Donc, la perspective synoptique, c’est que la messianité de Jésus est un secret qui doit demeurer tel entre lui et ses disciples, qui ne doit pas être divulgué. Bien sûr que tout cela suppose que nous sommes dans un temps d’occupation. La Palestine est occupée par les Romains et cette occupation est odieuse naturellement comme toute occupation, elle l’est doublement puisque la Palestine, la Terre sacrée est foulée par le païen. C’est le païen qui domine le Peuple de Dieu. L’occupation, de ce fait, apparaît non seulement comme une privation d’indépendance qui est toujours ressentie comme un outrage intolérable, mais l’occupation apparaît comme un sacrilège. C’est le peuple de Dieu, c’est donc Dieu dans son peuple qui est offensé par l’occupation romaine qui est une occupation païenne.

Or nous savons bien que toute occupation suscite des mouvements de résistance, appelle des maquis et il y en avait à l’époque: ils foisonnaient. Rappelez-vous qu’en l’an 9 de notre ère, si je ne fais erreur, Varus, le général romain, a été appelé à réprimer une révolte juive et a fait crucifier deux mille juifs et ces mouvements insurrectionnels n’ont pas cessé de se produire, parfois justement sous l’étiquette messianique, certains révolutionnaires se présentant comme le Messie, ralliant leurs partisans comme les envoyés de Dieu, tellement que ce mot de Messie était évidemment un mot explosif, une sorte de bombe atomique, dans l’ordre de l’esprit, donc il fallait, si l’on voulait aboutir à une révolution spirituelle surtout, se garder d’employer ce mot explosif qui suscitait toutes sortes de passions nationalistes.

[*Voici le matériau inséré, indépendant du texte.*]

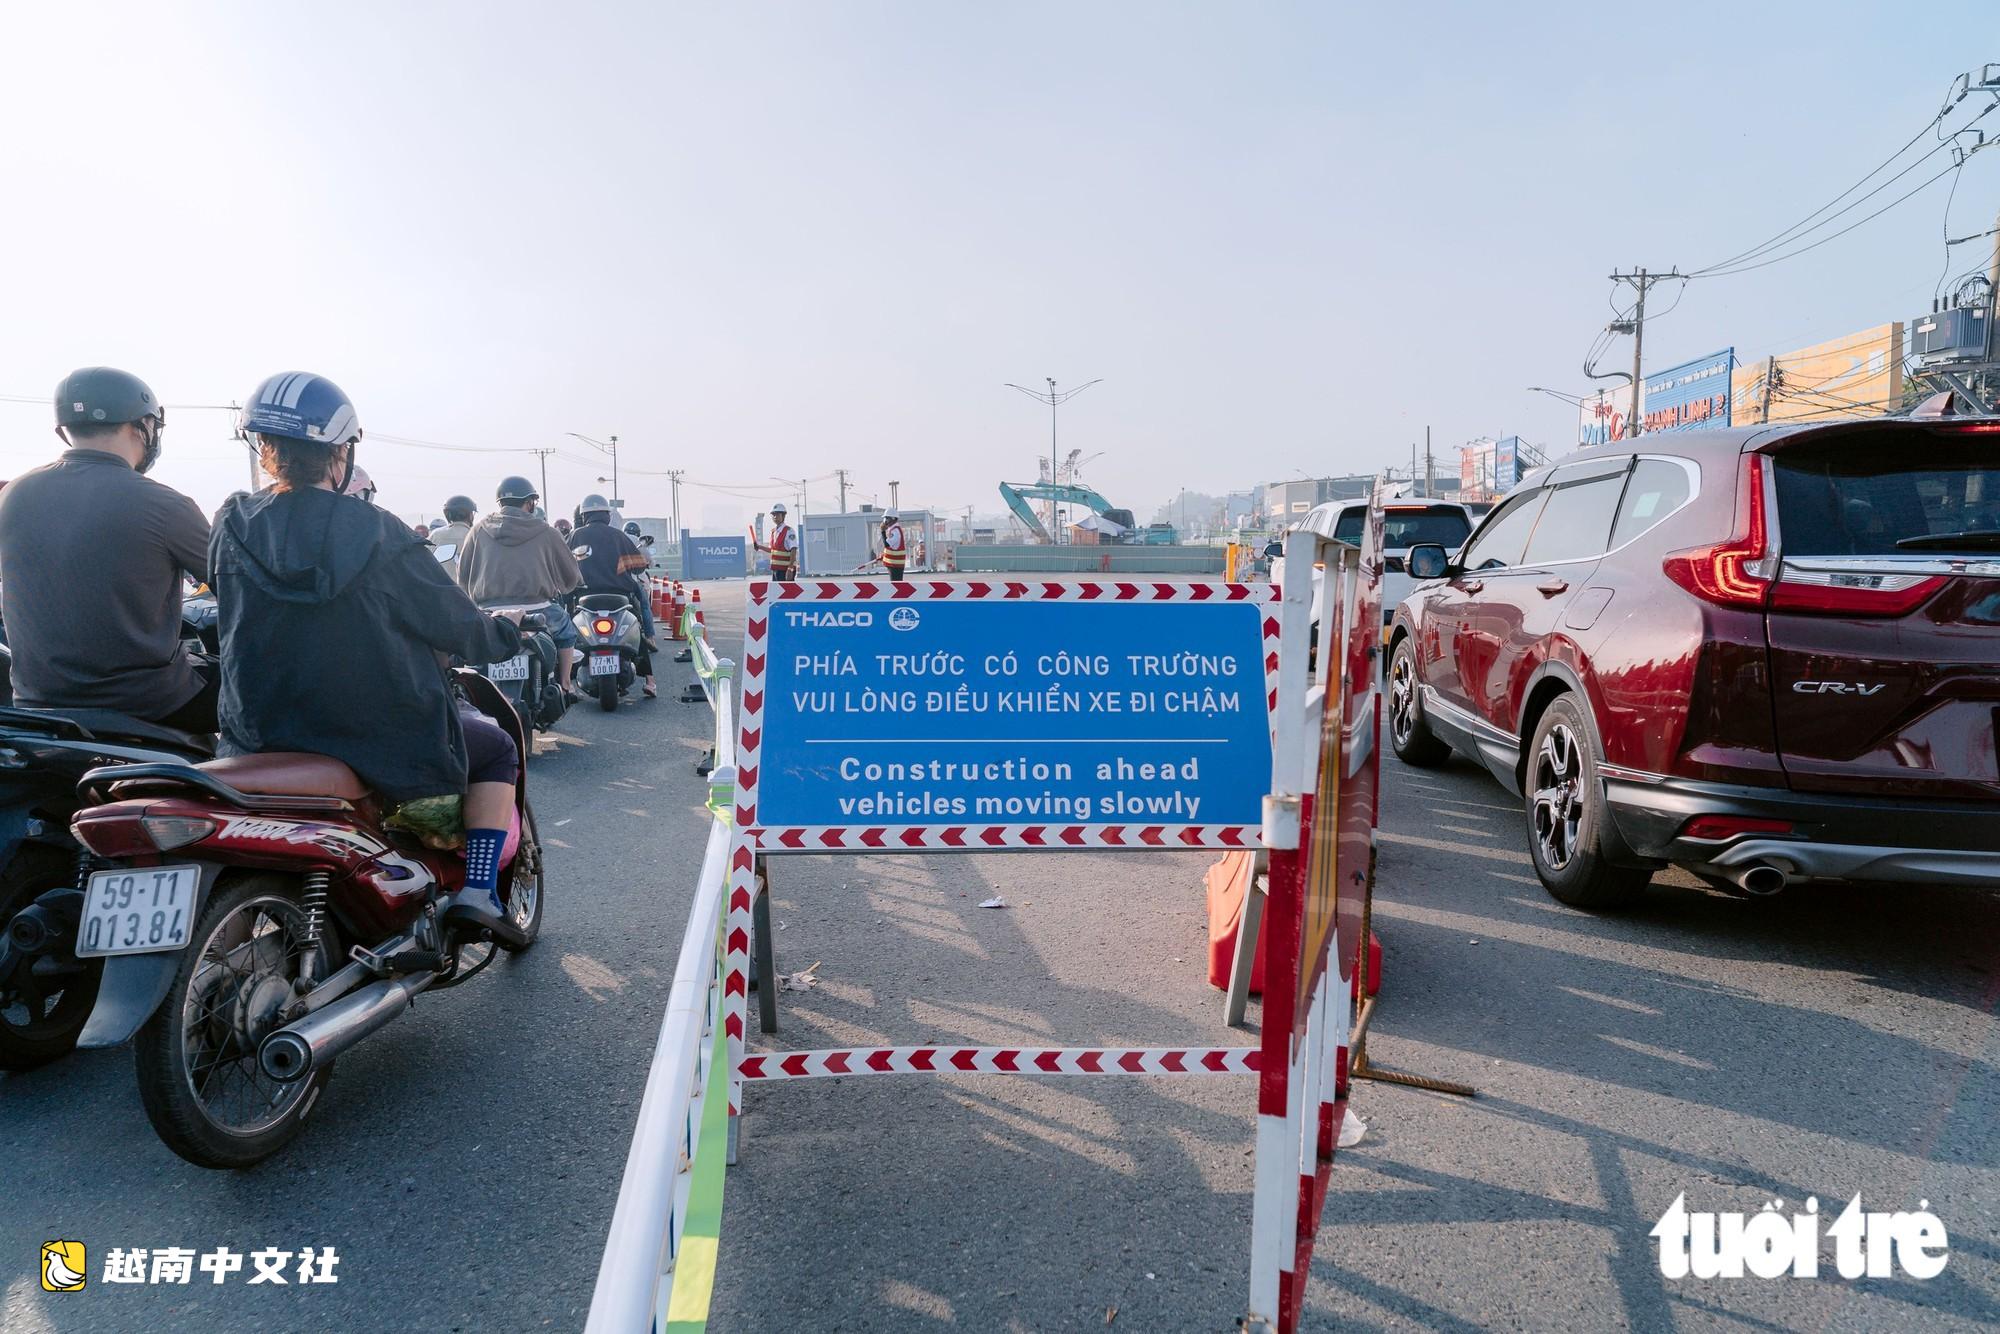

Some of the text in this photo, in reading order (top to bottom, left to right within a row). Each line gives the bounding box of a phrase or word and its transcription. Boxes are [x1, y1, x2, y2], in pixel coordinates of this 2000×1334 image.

[1681, 397, 1711, 425] LINH
[697, 546, 738, 556] THACO
[784, 611, 873, 627] THACO
[492, 667, 525, 679] 403.90
[795, 650, 1237, 676] PHÍA TRƯỚC CÓ CÔNG TRƯỜNG
[793, 682, 1240, 717] VUI LÒNG ĐIỀU KHIỂN XE ĐI CHẬM
[1792, 681, 1887, 696] CR-V
[840, 757, 1199, 781] Construction ahead
[839, 791, 1201, 820] vehicles moving slowly
[101, 871, 180, 911] 59-T1
[86, 909, 183, 948] 013.84
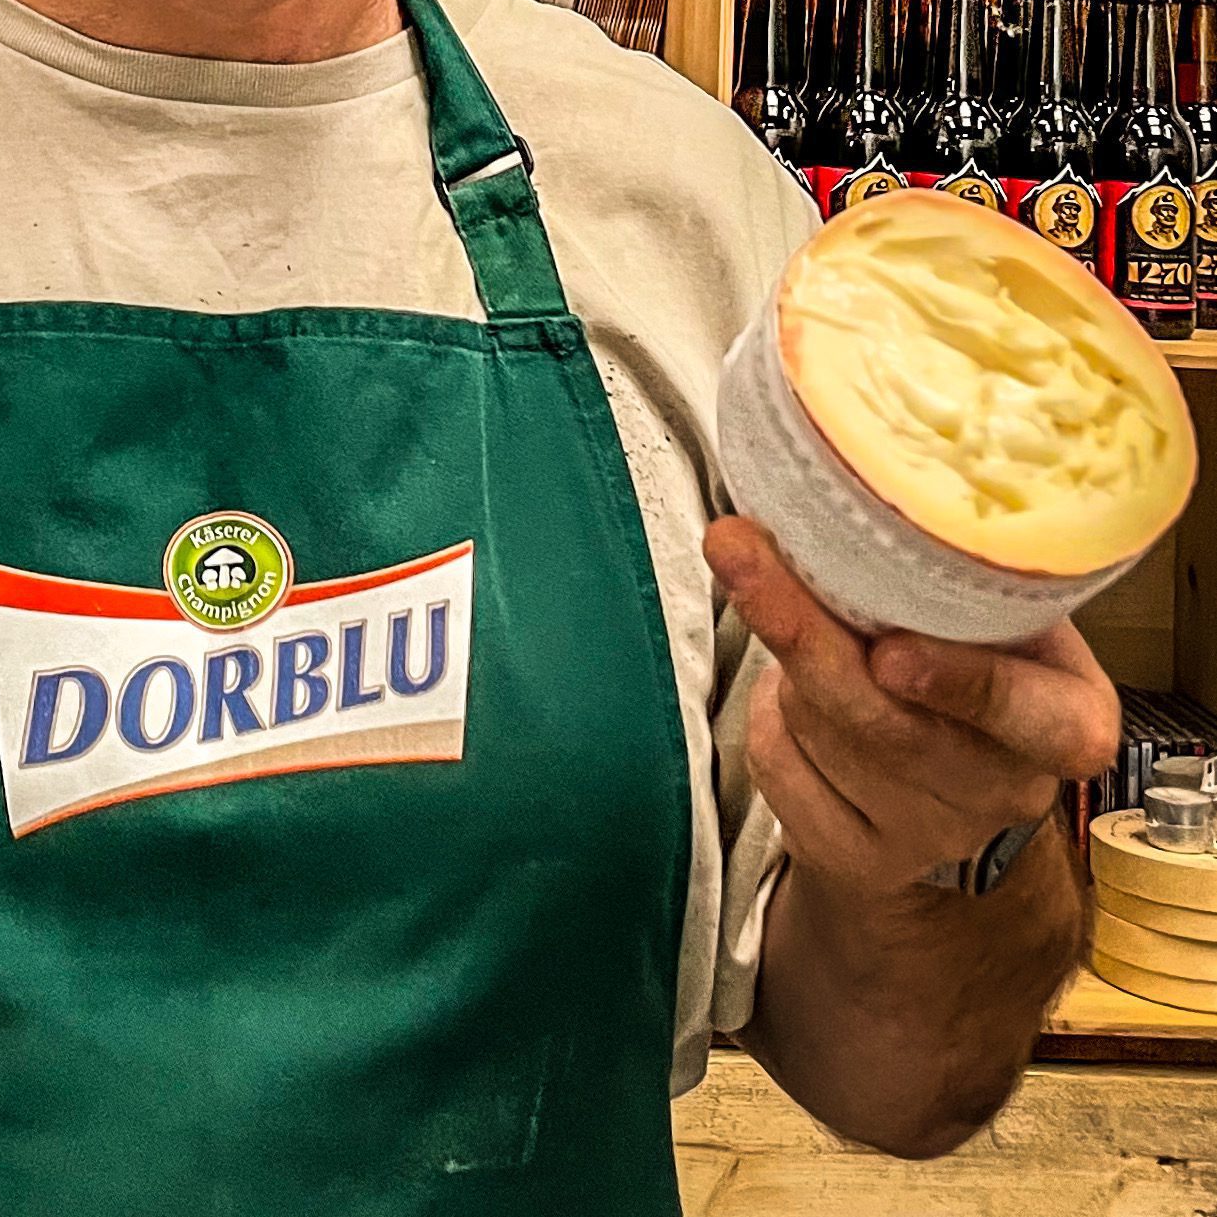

On comprend donc que le Christ se soit gardé comme du feu de se dire le Messie, d’employer ce mot qui pouvait être si facilement mal interprété et qu’il ait fait à ses disciples, la seule fois où il ait provoqué de leur part la reconnaissance de sa messianité, qu’il ait fait de cette reconnaissance un secret à garder soigneusement entre eux jusqu’à sa Résurrection d’entre les morts.

Il est difficilement concevable, dans un tel contexte où Jésus recourt à une telle prudence pour avouer sa messianité, qu’il ait jeté aux quatre vents l’affirmation de sa divinité qui était quelque chose d’encore beaucoup plus difficile à admettre et qui heurtait cette fois non seulement toutes les susceptibilités du pouvoir occupant, c’est-à-dire des Romains, mais qui offensait au coeur et à la prunelle de l’œil tous les juifs qui admettaient, exactement comme les musulmans, qu’il n’y a qu’un Dieu unique, un Dieu solitaire, le Dieu Yahvé des prophètes qui est au centre du culte, qui n’a pas d’égal, qui n’a pas de pareil, qui n’a pas d’époux comme les dieux païens, enfin ce Dieu solitaire, ce Dieu unique et qui est le roi d’Israël.

On ne peut pas imaginer que Jésus ait prodigué aux quatre vents dans un tel contexte l’affirmation de sa divinité. Il aurait été immédiatement lacéré, écorché vif, en raison du caractère tout à fait blasphématoire d’une telle prétention.

Il est donc certain que ce n’est qu’au compte-gouttes que Jésus a pu orienter ses disciples ou ses auditeurs vers la découverte du mystère de sa personne et que ce n’est finalement que dans la vie ecclésiale, dans la vie de la première communauté chrétienne que le mystère de sa personne s’est dévoilé, qu’il a été reconnu et que Jésus, en effet, d’ailleurs sans aucun heurt, est devenu pour les Apôtres le centre du culte.